Savez quoi ? Le CDS était le sigle d’un petit parti centriste, pas encore celui des Credit Default Swaps .

[^2]: Qui célèbre « La victoire de l’Europe » ( Le Figaro du 20 octobre) à Camp David, où il a vu triompher « la volonté sarkozienne de refonder le capitalisme du XXIe siècle, par la définition d’une nouvelle éthique, l’abandon de pratiques destructrices, l’adoption de nouvelles règles et la restauration de la responsabilité » – n’en jetez plus !

[^3]: D’autant moins que Bové a, de son côté, rejoint l’alliance des écologistes (Cohn-Bendit, Waechter, Verts) savamment concoctée par notre ami Besset, devenu le bras droit de Nicolas Hulot… Vertiges !

[^4]: Notamment, et de façon quasi prémonitoire, notre confrère Jean Quatremer, de Libé, sur son blog, quand DSK n’était encore que postulant au FMI : « À la différence de ce qui se passe en France, aux États-Unis, le moindre “comportement inapproprié” peut coûter son poste au titulaire d’un mandat public. Les Américains ne plaisantent pas avec ce genre de chose même si cela nous fait ricaner. Pour bien connaître DSK, je sais qu’il est en séduction permanente, même s’il n’a jamais eu de gestes déplacés.
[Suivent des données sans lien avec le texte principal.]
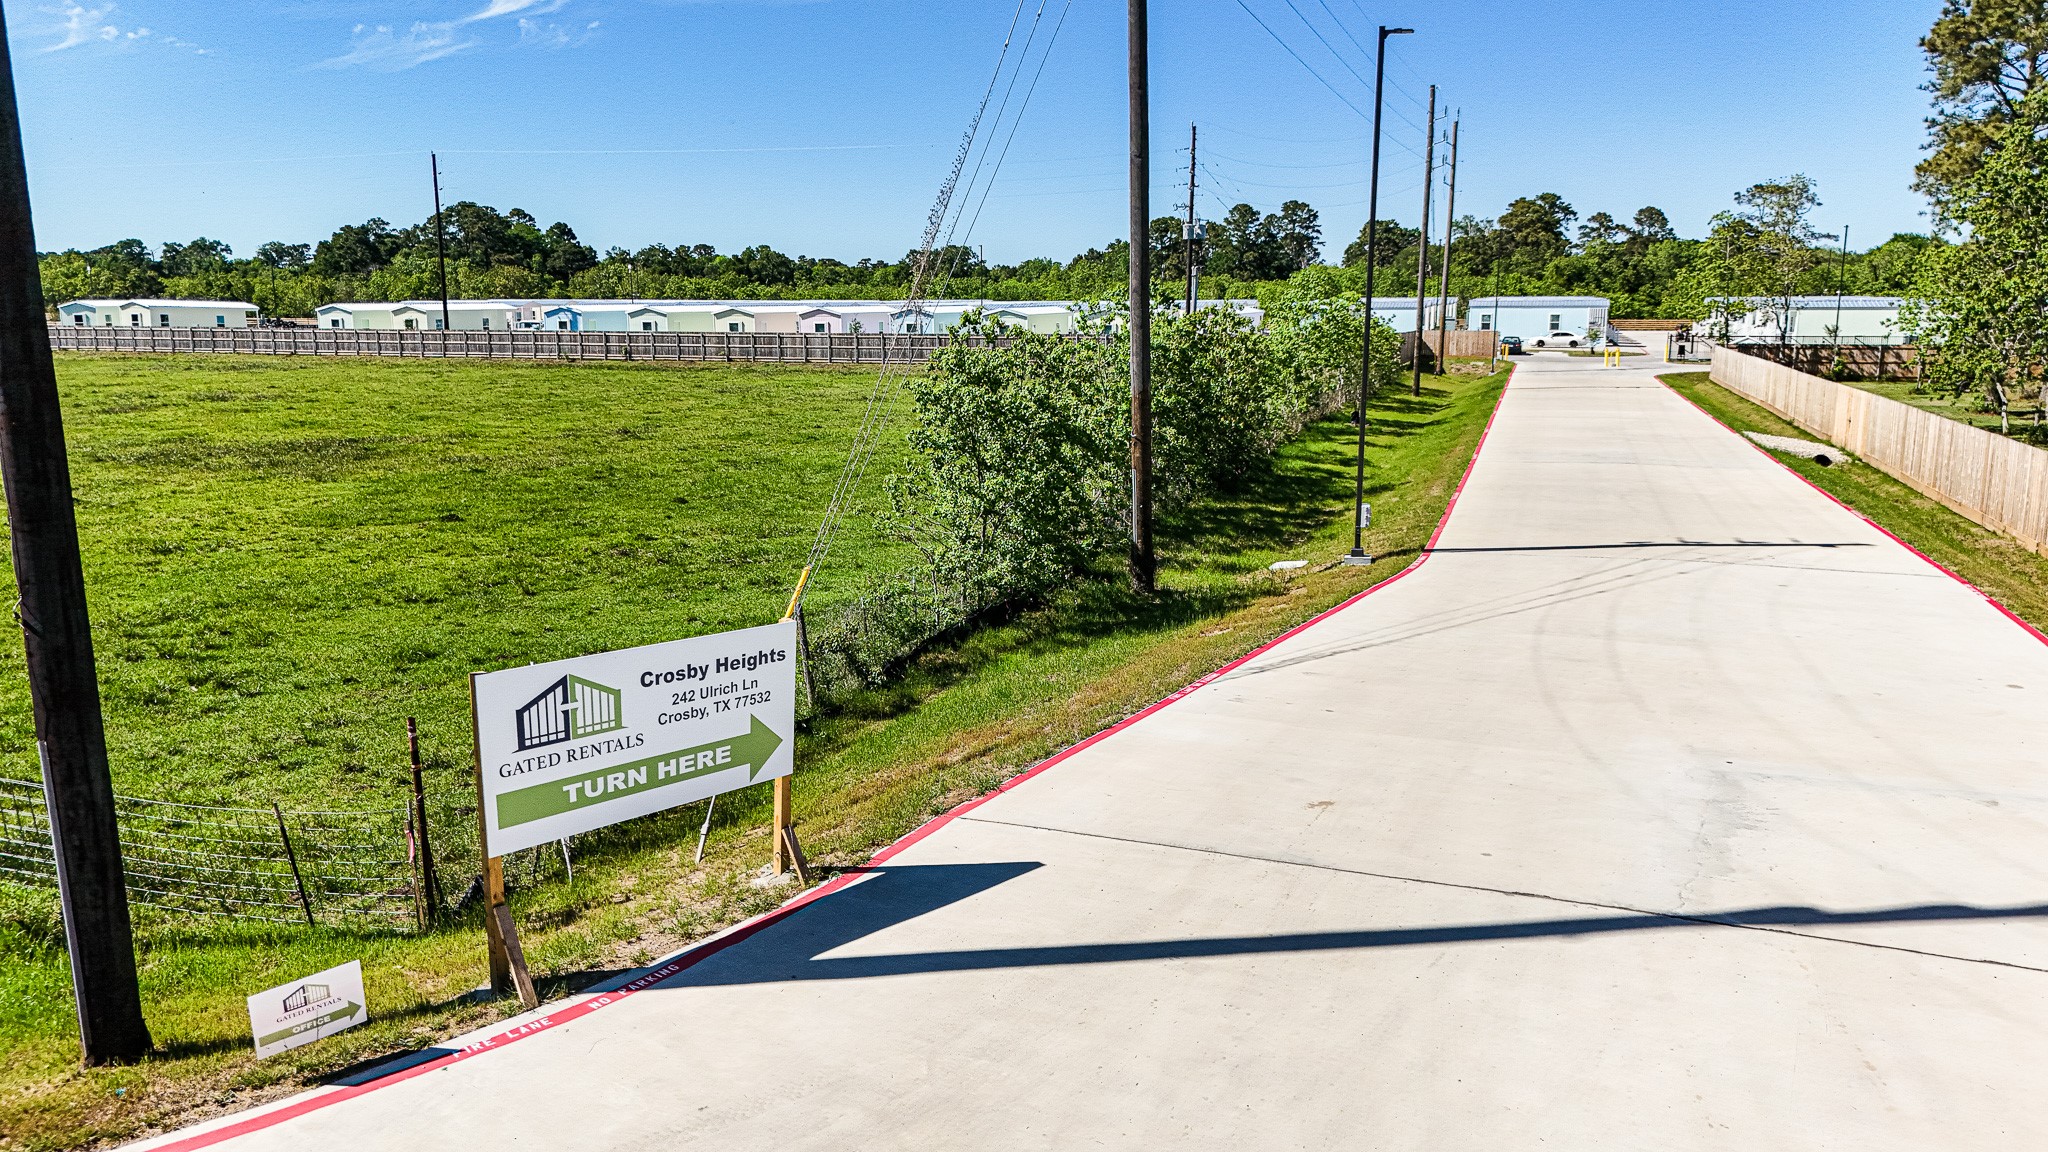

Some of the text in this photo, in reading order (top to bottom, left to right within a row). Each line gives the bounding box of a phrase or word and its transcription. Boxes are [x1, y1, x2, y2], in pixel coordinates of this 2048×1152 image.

Et que cela choque et a choqué, surtout hors des frontières hexagonales. Tous les journalistes qui ont couvert ses activités publiques le savent, et les anecdotes sont nombreuses. Mais être « pressant » n’est pas un délit pénal, que cela soit clair. En revanche, aux États-Unis, c’est tout comme. C’est tout ce que je voulais dire : une fois à la tête du FMI, il faudra que DSK ravale son côté “French Lover” lourdingue. » (Voir, par exemple, le site Bakchich ou directement celui de Quatremer, sur Libération.fr).

[^5]: Durée : 71 minutes. Programmé sur France 2 le vendredi 31 octobre.